PROBLEM:
The reply should hold only the lines below from the one with "this 1280×1080 image." to the end, each copied exactly.

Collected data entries

==============================

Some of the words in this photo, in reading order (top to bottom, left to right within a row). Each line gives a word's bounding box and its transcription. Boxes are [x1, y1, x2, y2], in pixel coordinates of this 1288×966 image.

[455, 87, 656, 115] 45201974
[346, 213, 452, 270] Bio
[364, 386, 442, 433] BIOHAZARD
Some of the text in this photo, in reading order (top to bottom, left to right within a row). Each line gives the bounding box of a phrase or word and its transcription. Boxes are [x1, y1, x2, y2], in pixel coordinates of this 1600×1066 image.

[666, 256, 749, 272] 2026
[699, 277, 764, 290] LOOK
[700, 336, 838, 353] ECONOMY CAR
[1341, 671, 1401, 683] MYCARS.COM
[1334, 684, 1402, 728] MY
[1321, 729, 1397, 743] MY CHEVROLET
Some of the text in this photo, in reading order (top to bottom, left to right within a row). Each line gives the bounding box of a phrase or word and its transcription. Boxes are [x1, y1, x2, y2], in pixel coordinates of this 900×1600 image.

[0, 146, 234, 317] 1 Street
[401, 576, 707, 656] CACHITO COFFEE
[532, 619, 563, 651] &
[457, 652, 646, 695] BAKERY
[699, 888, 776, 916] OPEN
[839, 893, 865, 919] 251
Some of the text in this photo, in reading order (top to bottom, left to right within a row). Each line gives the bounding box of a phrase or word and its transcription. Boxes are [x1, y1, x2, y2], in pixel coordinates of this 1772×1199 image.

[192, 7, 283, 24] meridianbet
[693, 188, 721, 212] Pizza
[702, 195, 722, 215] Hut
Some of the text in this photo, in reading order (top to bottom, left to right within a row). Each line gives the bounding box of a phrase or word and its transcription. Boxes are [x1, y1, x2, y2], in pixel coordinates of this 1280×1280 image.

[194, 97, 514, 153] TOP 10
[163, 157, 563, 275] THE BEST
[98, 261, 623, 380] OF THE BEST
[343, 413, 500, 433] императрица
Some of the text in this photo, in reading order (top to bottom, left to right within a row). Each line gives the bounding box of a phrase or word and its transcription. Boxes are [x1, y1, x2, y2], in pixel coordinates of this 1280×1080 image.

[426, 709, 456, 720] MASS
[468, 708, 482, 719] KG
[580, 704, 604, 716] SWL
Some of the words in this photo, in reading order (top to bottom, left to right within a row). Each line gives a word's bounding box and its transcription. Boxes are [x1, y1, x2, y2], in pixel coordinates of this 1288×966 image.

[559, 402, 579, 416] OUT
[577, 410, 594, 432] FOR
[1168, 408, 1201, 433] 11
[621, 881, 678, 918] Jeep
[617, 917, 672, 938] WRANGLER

==============================

SOLUTION TO THE PROBLEM:
Some of the text in this photo, in reading order (top to bottom, left to right within a row). Each line gives the bounding box of a phrase or word and its transcription. Boxes are [x1, y1, x2, y2], in pixel coordinates of this 1280×1080 image.

[426, 709, 456, 720] MASS
[468, 708, 482, 719] KG
[580, 704, 604, 716] SWL
Some of the words in this photo, in reading order (top to bottom, left to right within a row). Each line gives a word's bounding box and its transcription. Boxes are [x1, y1, x2, y2], in pixel coordinates of this 1288×966 image.

[559, 402, 579, 416] OUT
[577, 410, 594, 432] FOR
[1168, 408, 1201, 433] 11
[621, 881, 678, 918] Jeep
[617, 917, 672, 938] WRANGLER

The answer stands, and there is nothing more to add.